C'è sempre "l'urgenza" di muoversi verso le nuove tecnologie per rimanere competitivi, ma spesso questo si scontra con le reali possibilità di un'azienda. Dunque nel mercato ci sono aziende che innovano, definite appunto Innovation IT, e che attuano migrazioni veloci verso nuove soluzioni in modo da tenersi sempre al passo con i tempi ed essere più competitive. Ma ci sono anche tantissime altre imprese che preferiscono restare nel loro ambiente legacy, mantenendo l'attuale impostazione tecnologica, definite come Operational IT.
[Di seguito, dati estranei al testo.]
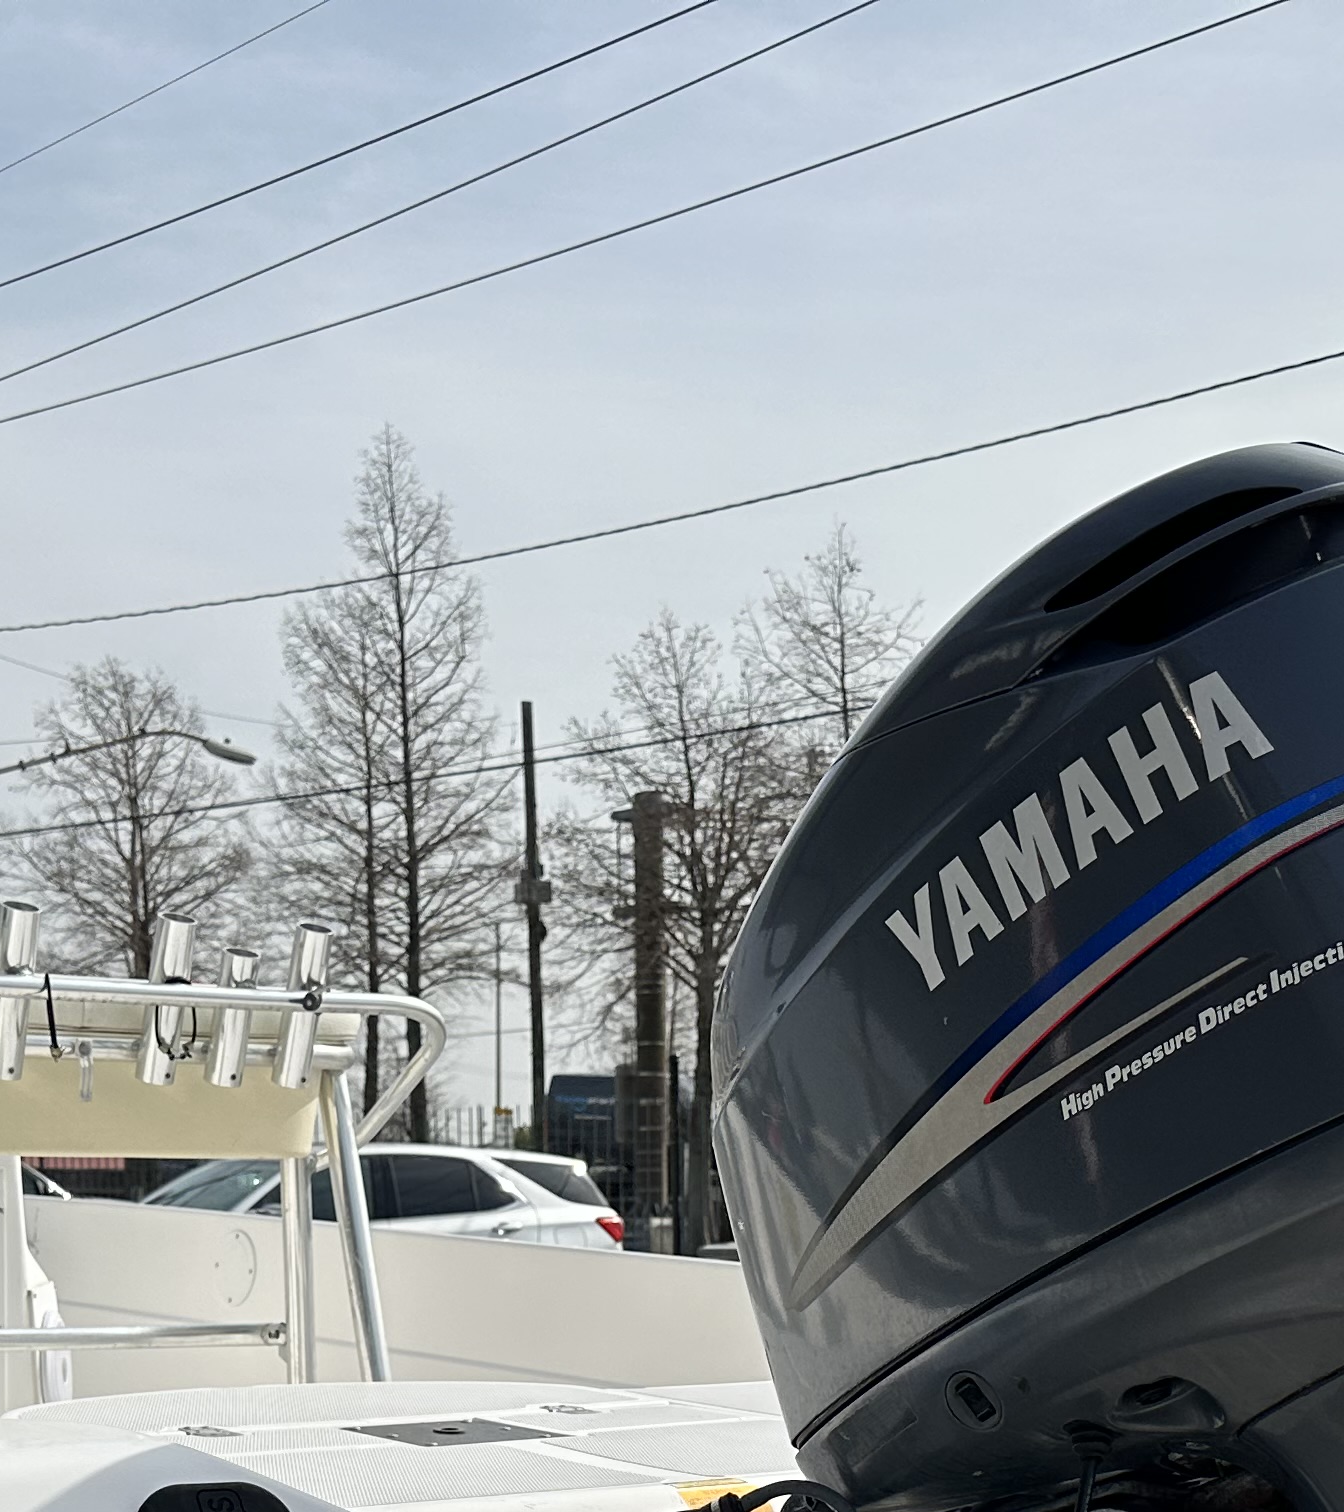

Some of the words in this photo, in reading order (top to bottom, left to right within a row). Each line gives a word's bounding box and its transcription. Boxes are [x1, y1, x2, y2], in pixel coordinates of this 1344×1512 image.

Ovviamente il mercato ha bisogno di entrambi questi modelli per prosperare, non ci possono essere solo aziende che innovano o solo aziende che rimangono ferme con gli stessi modelli di sviluppo e business. Tuttavia per molti operatori del settore i tempi sono ormai maturi per spingere tutte le aziende ad adottare in massa le tecnologie che abbiamo accennato all'inizio, i container.

Queste tecnologie possono entrare nei processi di produzione senza problemi, anzi esistono decine di aziende e Configuration Management che permettono di creare un ambiente di sviluppo in modo automatizzato e sicuro, dunque anche senza che l'azienda abbia delle risorse interne formate per il mantenimento di tali ambienti.

Se si sceglie di adottare un Configuration Management si avranno innumerevoli vantaggi:

  • incremento dell'efficienza e della stabilità;
  • cronologia dei cambi di configurazione e dello stato del sistema;
  • miglioramento della system reliability e della configuration issue detection;
  • innalzamento della sicurezza;
  • ripristino più veloce dei servizi e dei task.

Dunque il sistema dei containers è pronto per entrare in ogni azienda e rappresenta l'alternativa migliore alla server virtualization, visto che permette anche di pacchettizzare le applicazione in modo standard cosi da offrire una piattaforma comune agli sviluppatori.